-- Data for this exercise follows --
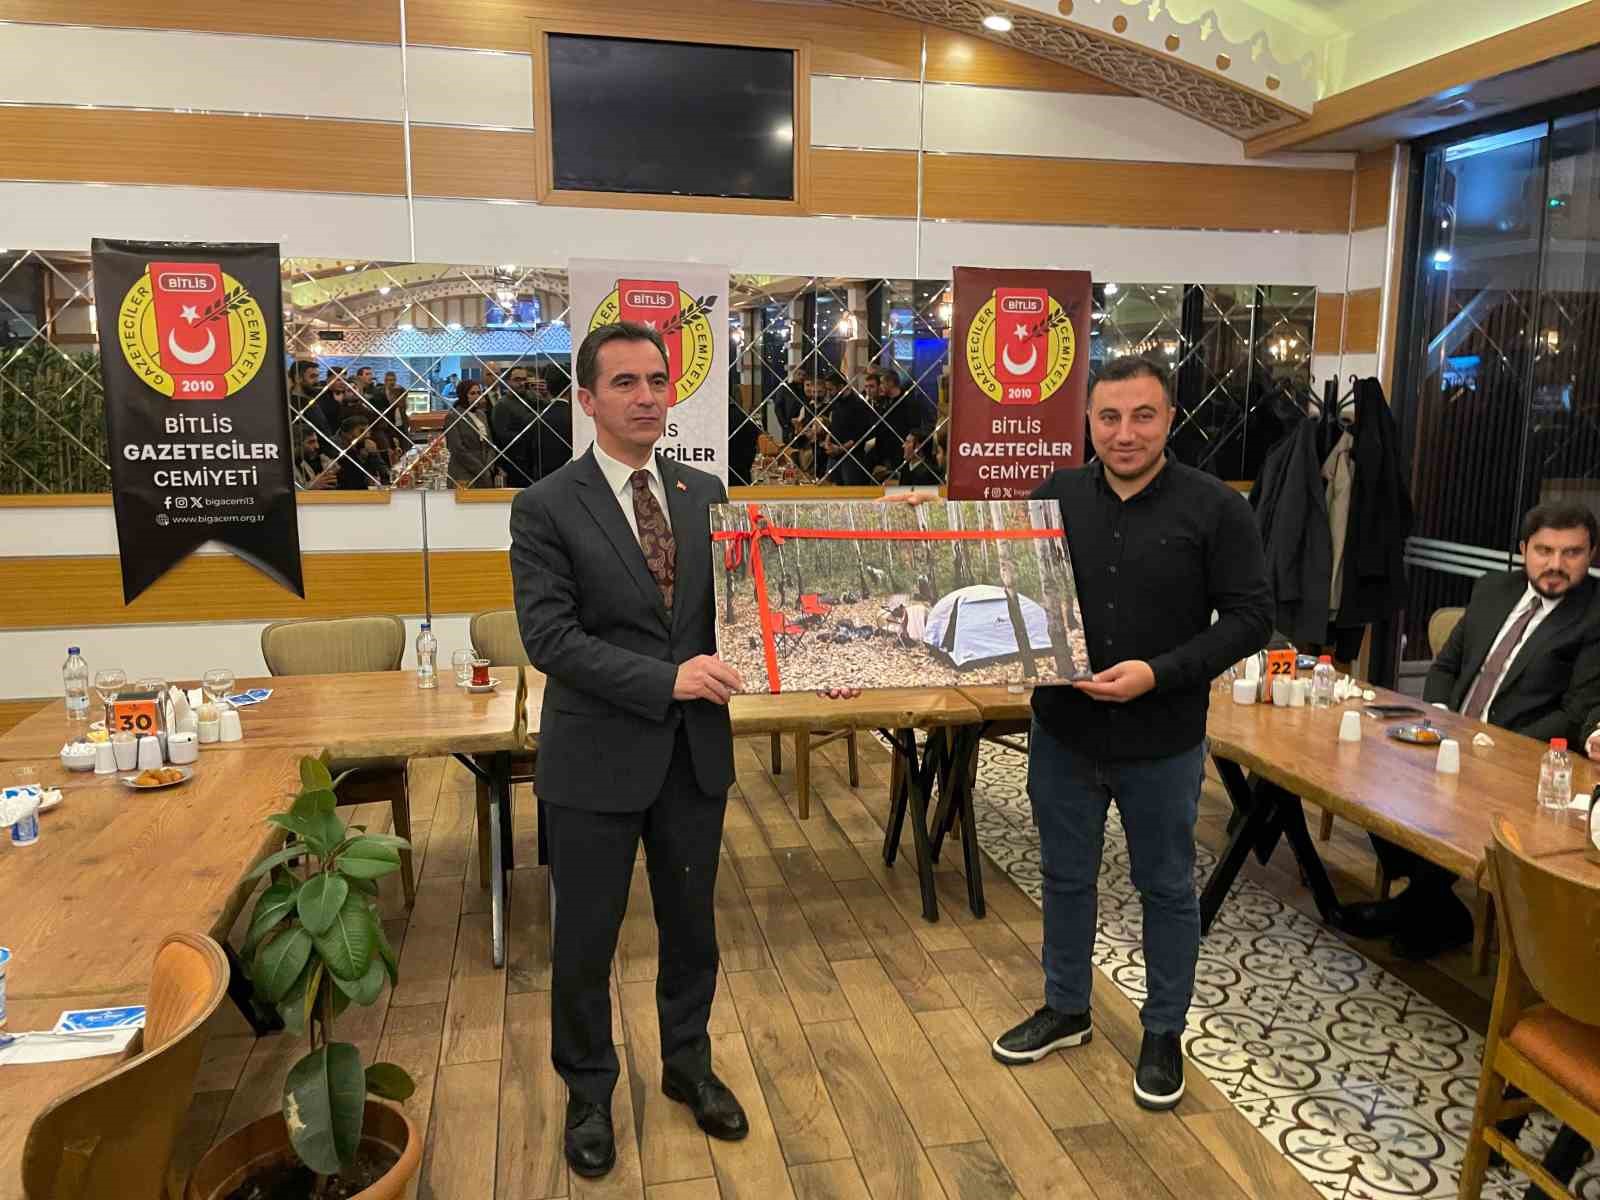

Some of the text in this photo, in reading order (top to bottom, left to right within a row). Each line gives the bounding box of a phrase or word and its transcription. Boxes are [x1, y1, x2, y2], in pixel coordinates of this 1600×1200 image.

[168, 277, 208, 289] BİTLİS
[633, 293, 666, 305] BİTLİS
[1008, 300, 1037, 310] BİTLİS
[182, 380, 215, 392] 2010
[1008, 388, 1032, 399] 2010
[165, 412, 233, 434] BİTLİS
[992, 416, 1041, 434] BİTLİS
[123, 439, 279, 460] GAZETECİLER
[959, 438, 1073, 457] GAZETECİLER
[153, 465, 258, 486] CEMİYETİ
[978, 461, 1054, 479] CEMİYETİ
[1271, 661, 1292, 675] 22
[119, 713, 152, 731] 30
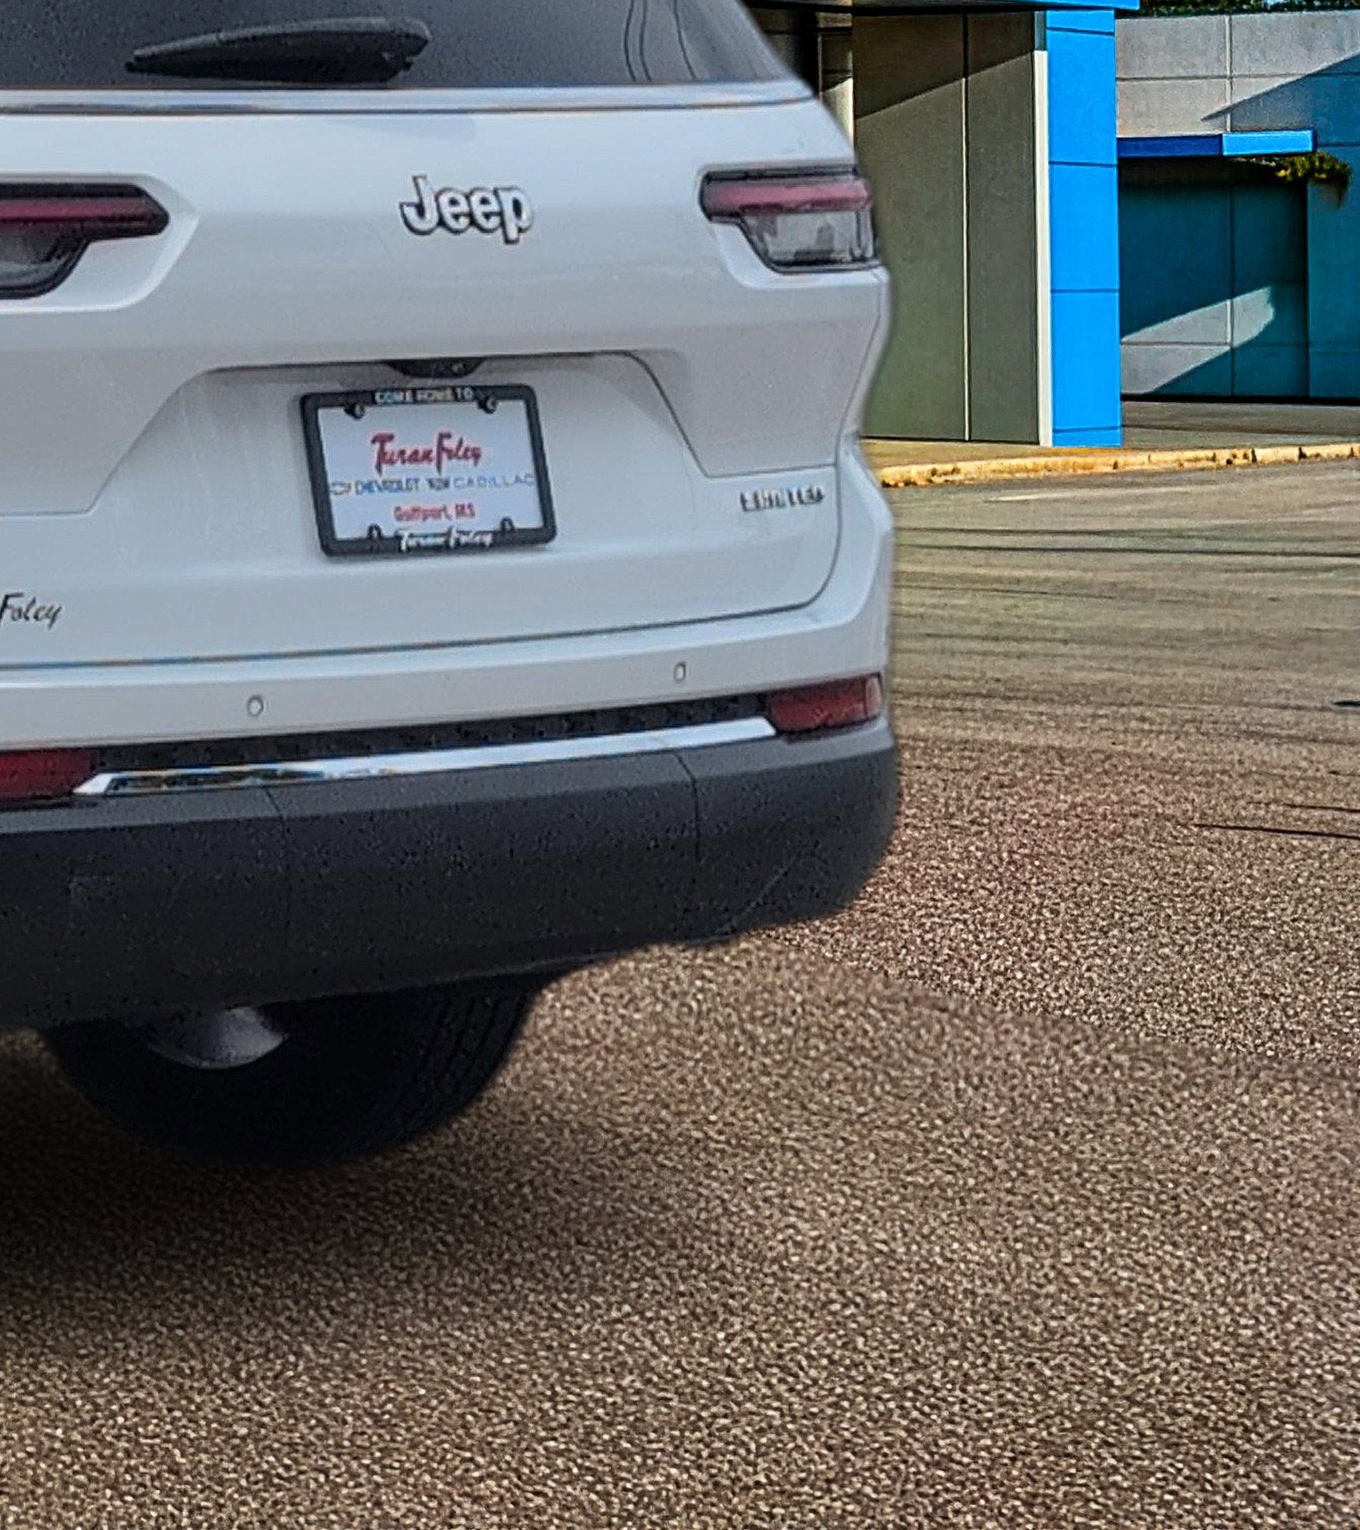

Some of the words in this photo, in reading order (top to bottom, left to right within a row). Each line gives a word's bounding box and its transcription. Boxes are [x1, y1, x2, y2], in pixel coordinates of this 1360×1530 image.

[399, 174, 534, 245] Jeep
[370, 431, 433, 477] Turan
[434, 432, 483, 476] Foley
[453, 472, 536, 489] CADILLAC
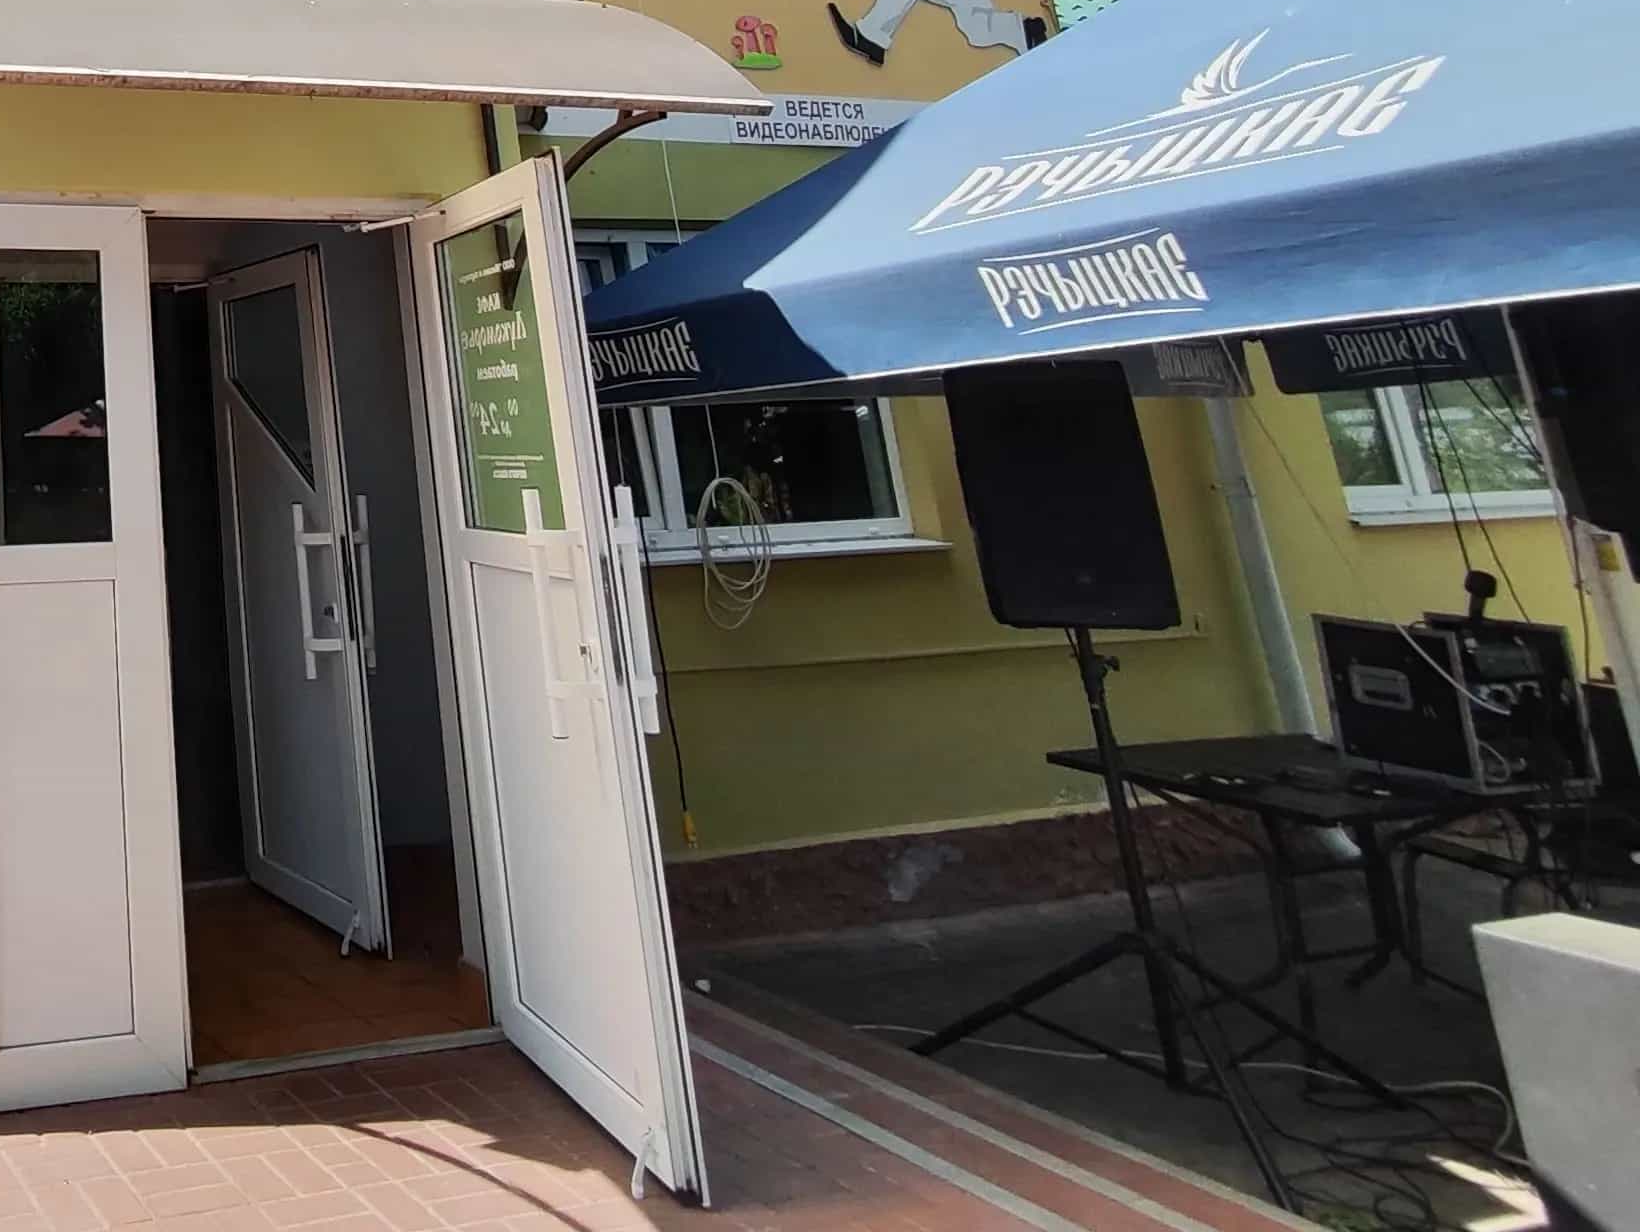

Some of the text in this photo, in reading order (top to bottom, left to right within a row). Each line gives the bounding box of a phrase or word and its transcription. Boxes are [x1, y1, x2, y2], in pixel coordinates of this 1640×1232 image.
-- Data for this exercise concluded --
Repeat the lines exactly, starting with the line that contains "Some of the words" and ending with the last line of the entries. Keep both of those lines but no pictures.

Some of the words in this photo, in reading order (top to bottom, left to right within a row). Each line gives a word's bounding box and its transcription. Boxes are [x1, y1, x2, y2], in pixel coordinates of this 1360×1530 image.

[399, 174, 534, 245] Jeep
[370, 431, 433, 477] Turan
[434, 432, 483, 476] Foley
[453, 472, 536, 489] CADILLAC

Some of the text in this photo, in reading order (top to bottom, left to right within a row). Each line gives the bounding box of a phrase or word and its transcription. Boxes are [x1, y1, x2, y2], in pixel coordinates of this 1640×1232 image.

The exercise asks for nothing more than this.